Светлый фон

– Благодари. Благодари его святость за доброту и щедрость, – торопливо молвил Моислав и пихнул отрока в спину, повелевая склониться от той благодушности вещуна еще ниже.

Лихарь тотчас согнулся как можно ниже, свесив свою голову, похоже, к самим ногам и чего-то невнятное забормотал. Неспешно между тем к скамейке подошел Таислав, принеся в руках маханький ларчик обитый красным бархатом и подавая его старшему жрецу, произнес:

– Ваша святость, повозка для отправки мальчишки в воспитательный дом готова. – Он на миг прервался, на всякий случай склонился, и дрогнувшим голосом добавил, – одначе как же ее ясность?

– Ну, раз готова, – не терпящим возражения тоном отметил Липоксай Ягы, – то и отправляйтесь Моислав. – Теперь и наставник Лихаря, вторя своему ученику, согнул спину как можно сильнее, понеже никогда даже не помышлял об оказанной ему чести, увидеть, да еще и говорить со старшим жрецом. – А я отвлеку наше божество, – дополнил Липоксай Ягы, и, сняв золотой крючок с заглушки на ларчике, приоткрыл крышечку, с теплотой воззрившись на столь красивый золотой браслет и кольцо. – Ее ясности и вовсе не надобно общаться с этой чернью.

Вещун замолчал, поднял глаза и воззрился, словно сквозь склоненного отрока и его наставника, так вроде их и не было пред ним. Он неспешно поднялся со скамьи и направился по дорожке к беседке, потому как увидел, что оттуда наконец вышли беседующие Прокуй и Довол.

Липоксай Ягы само собой разумеется, смог отвлечь свою любимую Есиньку от мыслей о Лихаре. И мальчик желая того или не желая уехал в воспитательный дом так и не решившись убежать али как подать о себе напоминание. Старший жрец, подарив божеству подарок и утешив, погодя унес ее на руках на брег озера, где они вместе кидали камушки в водицу и Есислава кормила его из ларя левашой из малины, выбирая самые, как ей казалось ровные лепешки, рдяно-переливающиеся, приготовленные из толченных и высушенных ягод. Ну, а когда стемнело и они поужинали, пришли к своей любимой скамейке, чтобы вместе… вдвоем встретить приход столь любимой Есиславушкой ночи.

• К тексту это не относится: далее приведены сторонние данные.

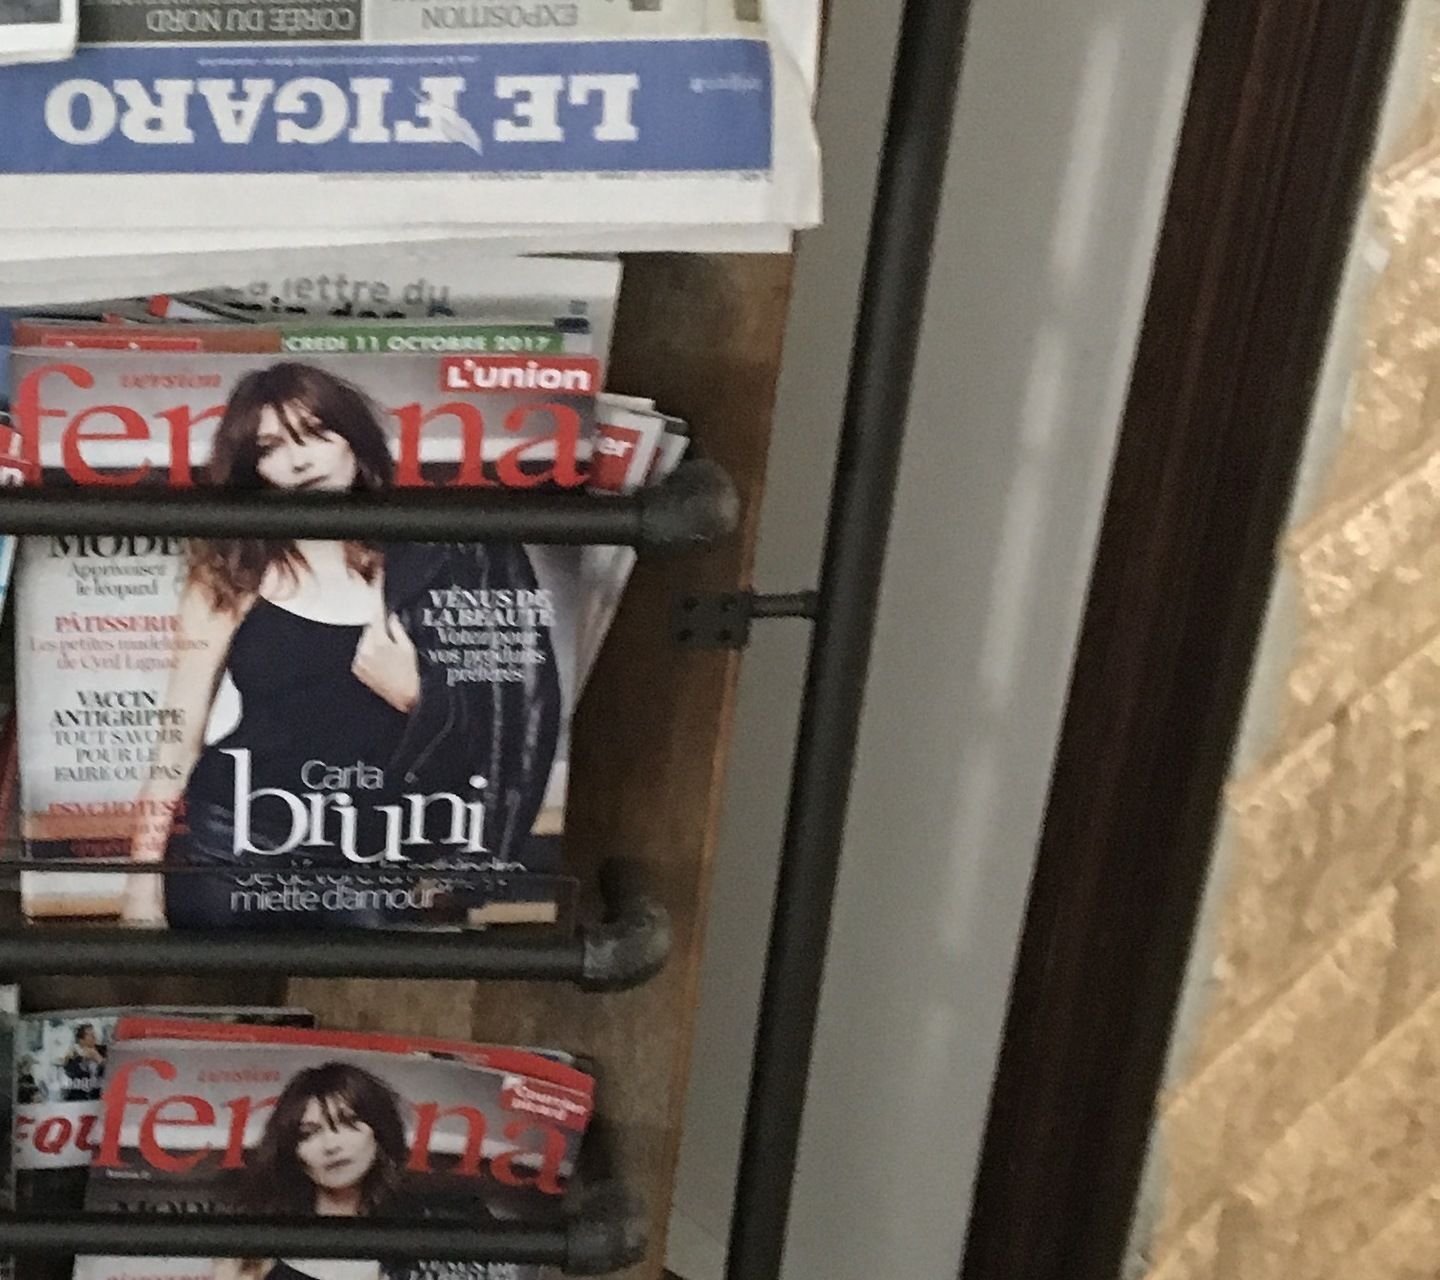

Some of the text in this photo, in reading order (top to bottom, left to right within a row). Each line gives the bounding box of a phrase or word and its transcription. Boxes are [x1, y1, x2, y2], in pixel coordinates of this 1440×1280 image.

– Мальчик так много пропустил. Почти два месяца бродяжничал, – весьма настойчиво говорил Липоксай Ягы, чтобы окончательно утвердить в разумности своих слов отроковицу. – Ему надобно вернуться, его пестун на том настаивает. Он просит завтра по утренней зорьке разрешить им отбыть в воспитательный дом.

– Как завтра? А я, что даже не попрощаюсь с Лихарем? – взволнованно переспросила Есинька и дернулась, вкладывая в это движение все свое огорчение, что расставание с отроком к коему она так прониклась жалостью, произойдет столь скоро. – Как жаль… А знаешь, Ксай, он такой несчастный этот Лихарь. У него нет отца, матери… как у меня.